I want more not just for my egoistic sense of purpose, but because I see what others around me do on a daily basis just to make a living and it makes me feel inadequate in comparison. My mother stands over piping hot liquid for hours, making drinks and memorizing 10-15 different orders and then making them all within a few minutes, only to come home and have to do chores I can’t help her with without taking twice as long. My father keeps an entire school district running, both mechanical and personnel, while finding time to help at the coffee shop, cut and split wood for the woodburner, take me to appointments and events, on top of assisting others who need help. Yet, here I am, taking days to type what some could do in minutes. Yes, making posters and flyers is a noble profession, but it feels like I’m doing a mere regurgitation of what others have said and made without actually doing anything that substantially improves their lives. I want to advocate because I often feel inadequate when I have no reason to simply because I am not able to do what is deemed adequate by a society that sees disability as a burden rather than an extension of reality.
Plus, let’s be brutally honest, it doesn’t make fiscal sense for me to work so little for the school, for me to not only have to report my wages to SSA, but to work for sometimes less than the meager funding the government gives me. Just for SSA to take it away completely because I make less than what they pay me to begin with or, heaven forbid, save more than $2,000 in my collective accounts. $2,000 doesn’t even cover the average rent in small cities anymore, let alone the multitude of other bills. Yet, I still often get paid less than I could afford to lose by simply living. That is the absolute absurdity of the situation millions of Americans face each and every day. We’re not getting the “free handouts “ so many people claim we are, we are getting entrenched in a system we cannot often afford to either escape from, nor be useful as a safety net. I feel this paradox is one of the main driving forces behind my apathetic anticipation. In order to get off the system entirely, I need to find a full time job that I can physically do on a regular basis, no matter the physical or mental state I’m in that pays substantially more than what I’m currently being given.
I need a system that doesn’t give me enough to live in order to live long enough to get a job that I may not be able to perpetually do, only for the system to be utterly useless when I would need it most.
Plus, I can’t move or work in Ohio without changing my tax information and therefore mess up my entire SSI from scratch again. I would essentially have to start from square one all over again just to work in a state I live 20 minutes from.
I’ve come to the conclusion that only a small percentage of people who use the SSA are genuinely the “parasites” we’ve so often seen them made up to be. Instead, the SSA is the one who forces people to become a slave to a system they cannot escape from.

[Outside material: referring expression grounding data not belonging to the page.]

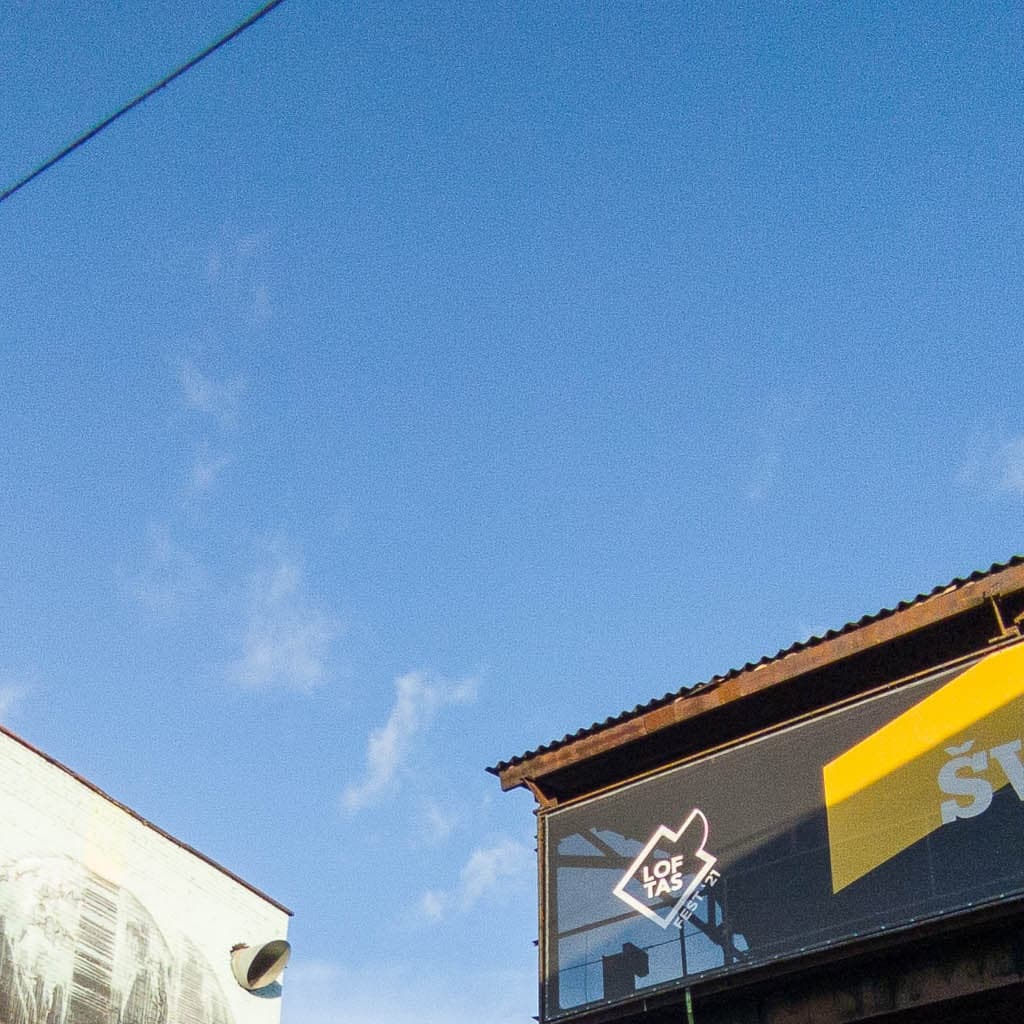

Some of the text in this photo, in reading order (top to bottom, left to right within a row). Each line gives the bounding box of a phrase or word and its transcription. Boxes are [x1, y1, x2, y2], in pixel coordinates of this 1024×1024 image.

[643, 855, 684, 883] LOF
[643, 872, 683, 899] TAS
[673, 891, 703, 929] FEST
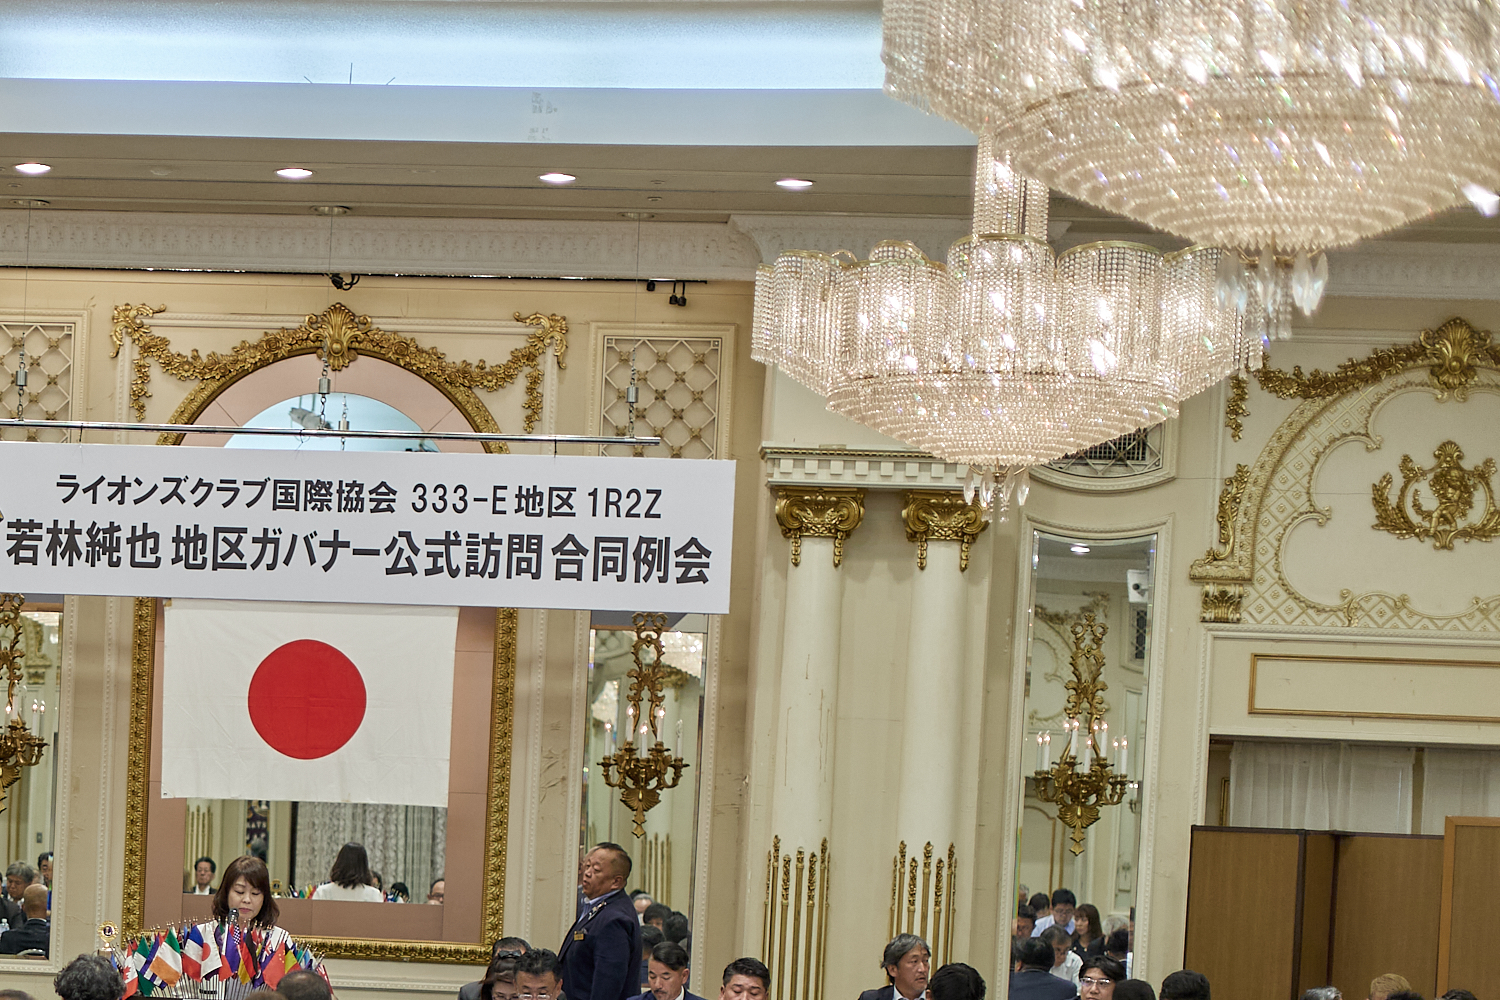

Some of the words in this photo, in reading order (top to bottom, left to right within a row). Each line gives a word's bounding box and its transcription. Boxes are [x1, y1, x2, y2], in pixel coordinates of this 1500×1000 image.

[56, 474, 398, 514] ライオンズクラブ国際協会
[587, 486, 663, 519] 1R2Z

The problem is taking the SSA away altogether will be taking what little money millions of taxpayers cannot afford to lose to begin with and therefore make billions of people go bankrupt and, without any other alternative, die in multiple ways, whether it be medical deprivation, lack of housing, or starvation, including grandparents and older retirees who are just trying to survive or other people who often get overlooked in the shuffle of things, like veterans or foster children. While I do agree that the exploiters of the system are a small, potentially significant problem, making the SSA more equitable and less exploitable can arise from simple changes, rather than just outright obliteration.
On top of all this, if it wasn’t already difficult enough for me to get a job in the first place, the rollback and rampant attacks on so called “DEI” programs and policies is making it all the more difficult to get an interview for the possibility of a sustainable job, let alone a job itself.
If it was not for my parents and the generosity of my family, friends, and community members, I would be dead.
There is no sugarcoating it. I would either be dead, in an institution, or on the side of the highway because a system that many see as breeding “parasites“ would not and continues to not give me enough money to survive on.
I would be dead.
I don’t want more “handouts”, I would just like to survive if need be.
Millions and billions of people are in the similar situation without even realizing it.
Please consider that.
We don’t need to strip a system.
We need to fix it.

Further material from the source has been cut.